■ Problem details ■
In your copy of the entries below, keep every word exactly and leave out all images.

════

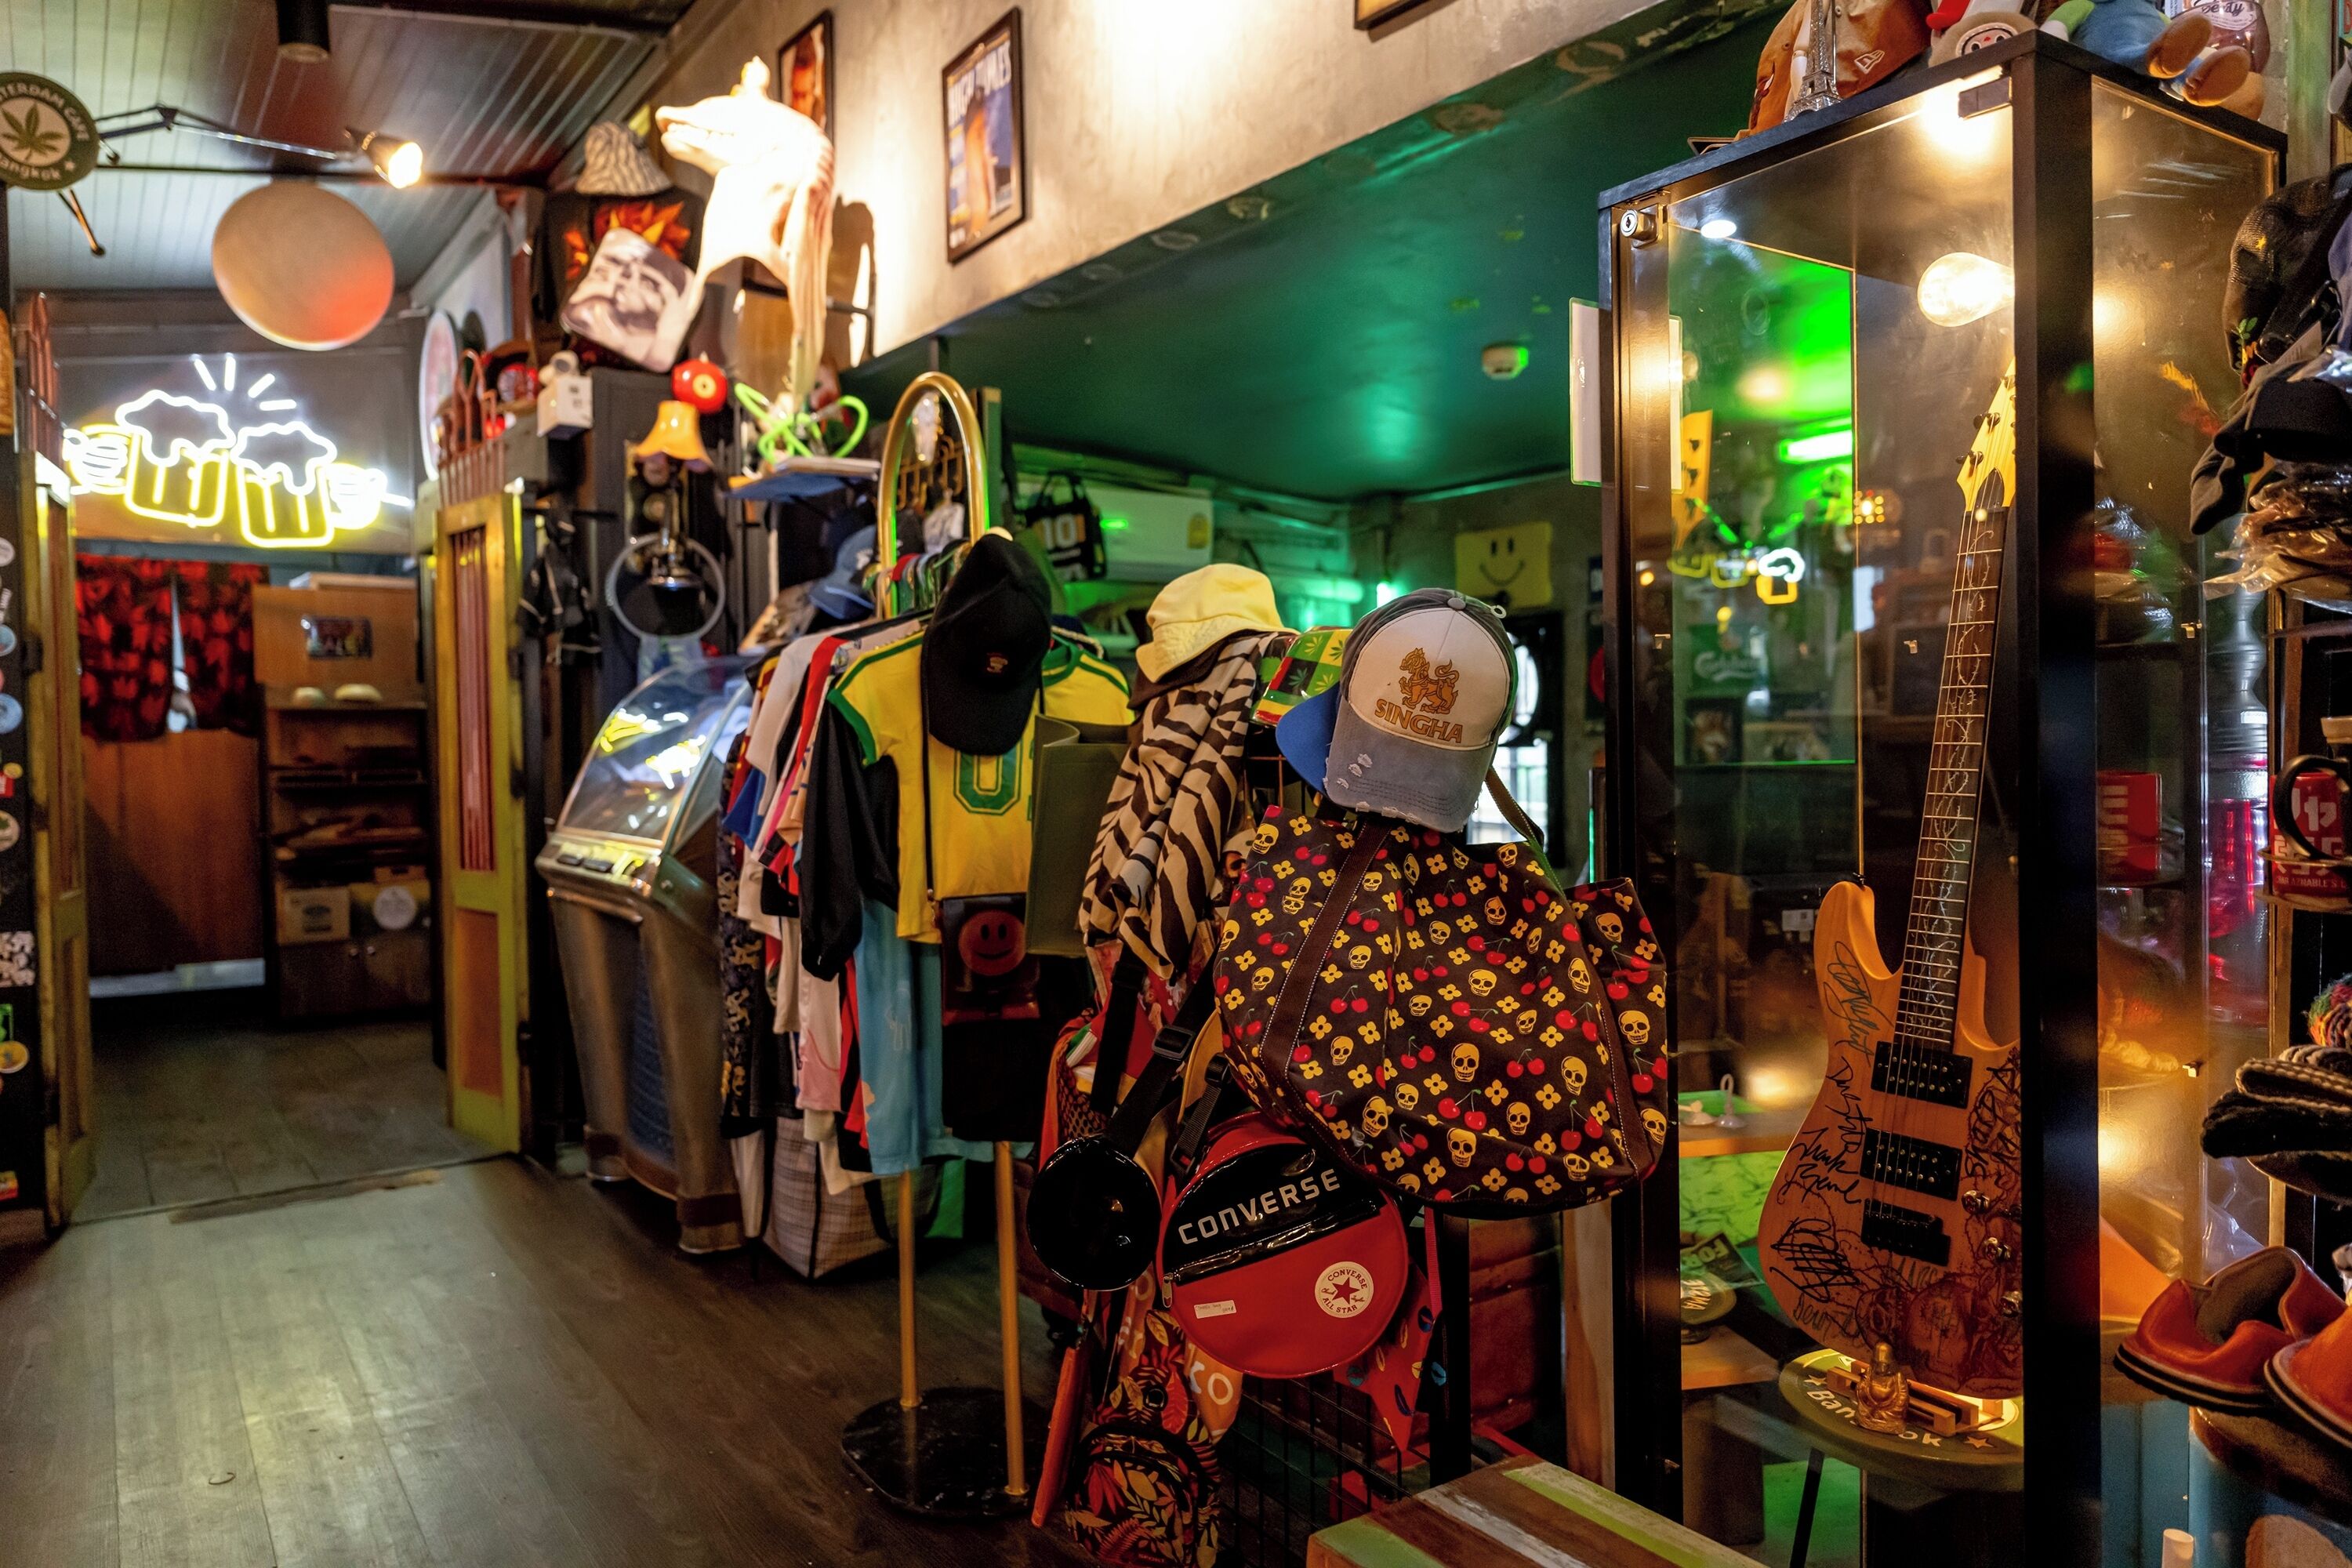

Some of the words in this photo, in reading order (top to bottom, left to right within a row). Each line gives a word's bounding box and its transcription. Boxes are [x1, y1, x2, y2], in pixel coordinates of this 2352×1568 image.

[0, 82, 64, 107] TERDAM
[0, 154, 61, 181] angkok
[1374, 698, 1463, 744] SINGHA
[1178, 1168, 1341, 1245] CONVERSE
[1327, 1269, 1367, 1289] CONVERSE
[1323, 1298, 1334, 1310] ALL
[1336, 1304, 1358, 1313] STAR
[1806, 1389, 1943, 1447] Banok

════

■ Expected output ■
Some of the words in this photo, in reading order (top to bottom, left to right within a row). Each line gives a word's bounding box and its transcription. Boxes are [x1, y1, x2, y2], in pixel coordinates of this 2352×1568 image.

[0, 82, 64, 107] TERDAM
[0, 154, 61, 181] angkok
[1374, 698, 1463, 744] SINGHA
[1178, 1168, 1341, 1245] CONVERSE
[1327, 1269, 1367, 1289] CONVERSE
[1323, 1298, 1334, 1310] ALL
[1336, 1304, 1358, 1313] STAR
[1806, 1389, 1943, 1447] Banok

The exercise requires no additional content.